LPA conducted a tour at 10:00 am of the physical plant to ensure there are no health and safety hazards and no residents are currently residing in the home.

The kitchen, living and dining room combination area observed to have adequate furnishings, sufficient lighting and observed to be clean with adequate seating.



There are four (4) bedrooms and two (2) bathrooms in the home. Each room was properly furnished with two (2) of the four (4) bedrooms empty with closets filled with family items and/or personal items/supplies. The other two (2) bedrooms occupied by the administrators mother and a friend. The two baths observed to be clean with grab bars, mats, and wash hands signs posted. The hot water for the bathrooms measured 108.9 and 115.6.

LPA did not observe any residents residing in the home or note any concerns at time of visit.

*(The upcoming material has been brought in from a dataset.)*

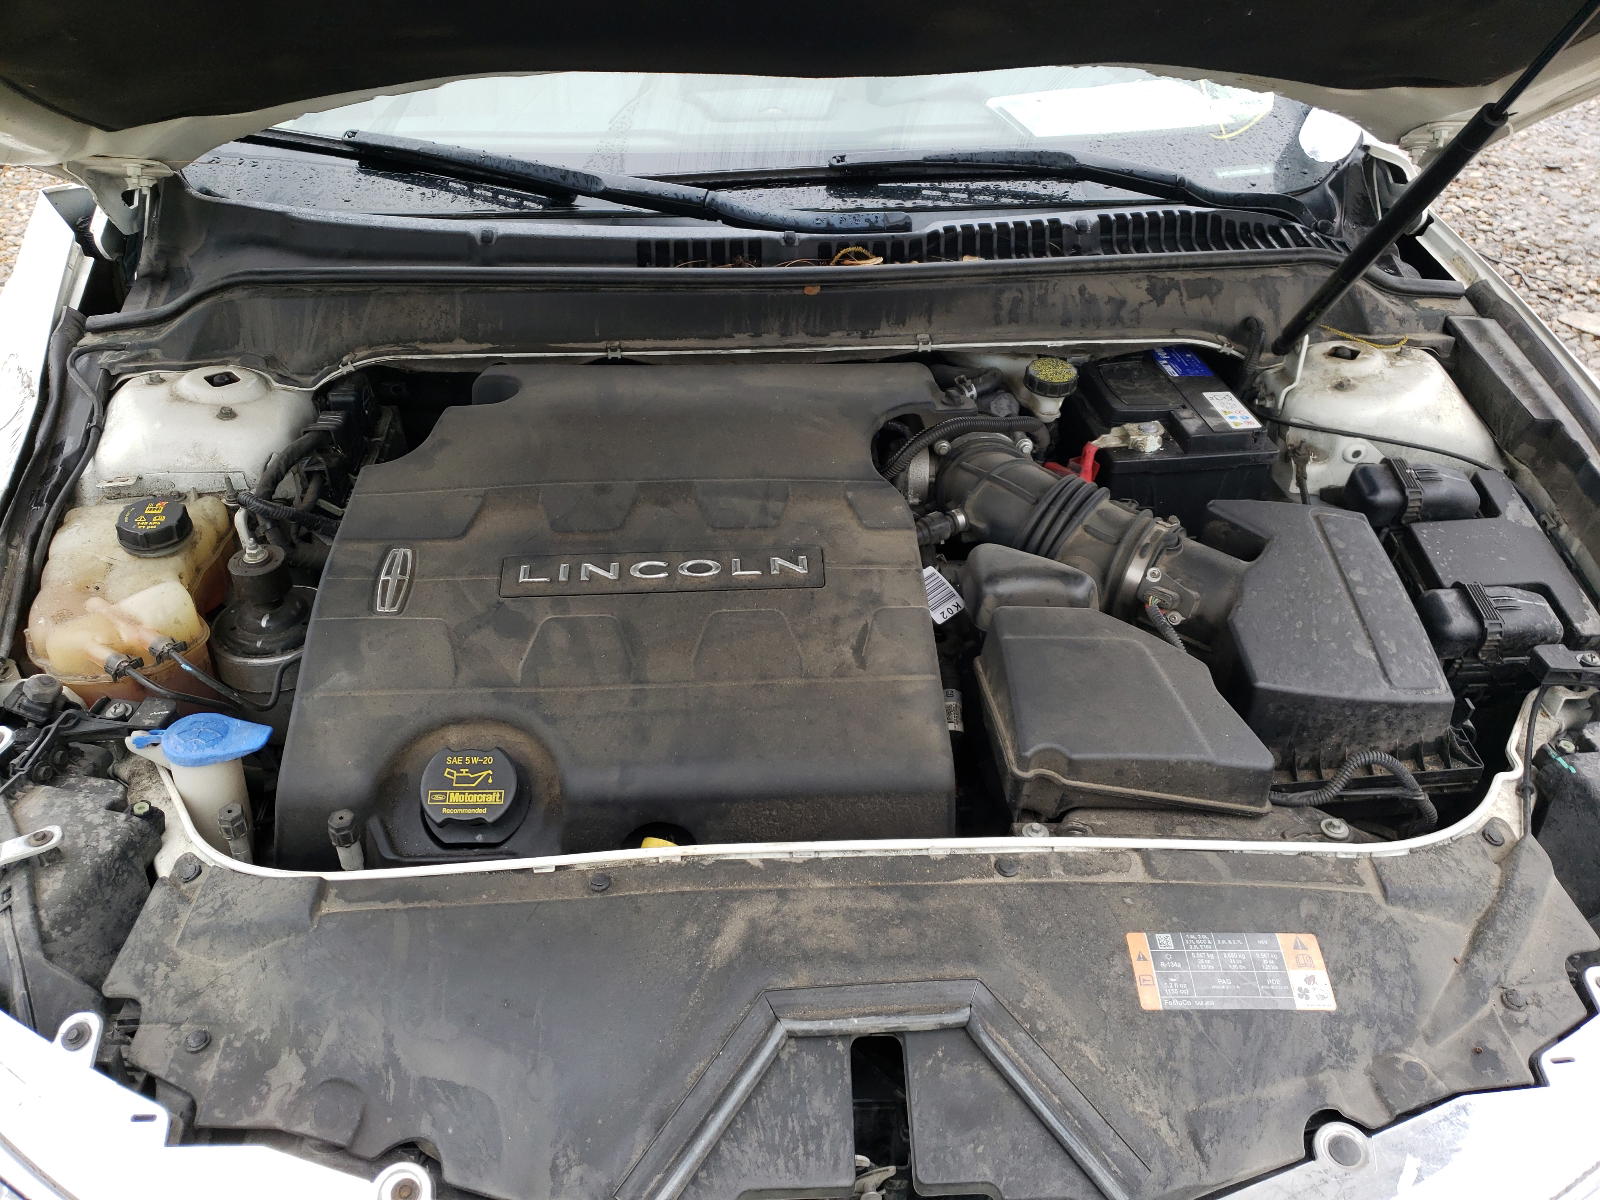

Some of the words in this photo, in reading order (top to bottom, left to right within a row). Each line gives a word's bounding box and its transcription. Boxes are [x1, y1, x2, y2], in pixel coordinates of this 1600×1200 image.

Exit interview conducted/Copy of report emailed.
SUPERVISORS NAME: Naira Margaryan
LICENSING EVALUATOR NAME: Tihesha Smith
LICENSING EVALUATOR SIGNATURE: DATE: 03/23/2023
I acknowledge receipt of this form and understand my licensing appeal rights as explained and received.
FACILITY REPRESENTATIVE SIGNATURE: DATE: 03/23/2023
This report must be available at Child Care and Group Home facilities for public review for 3 years.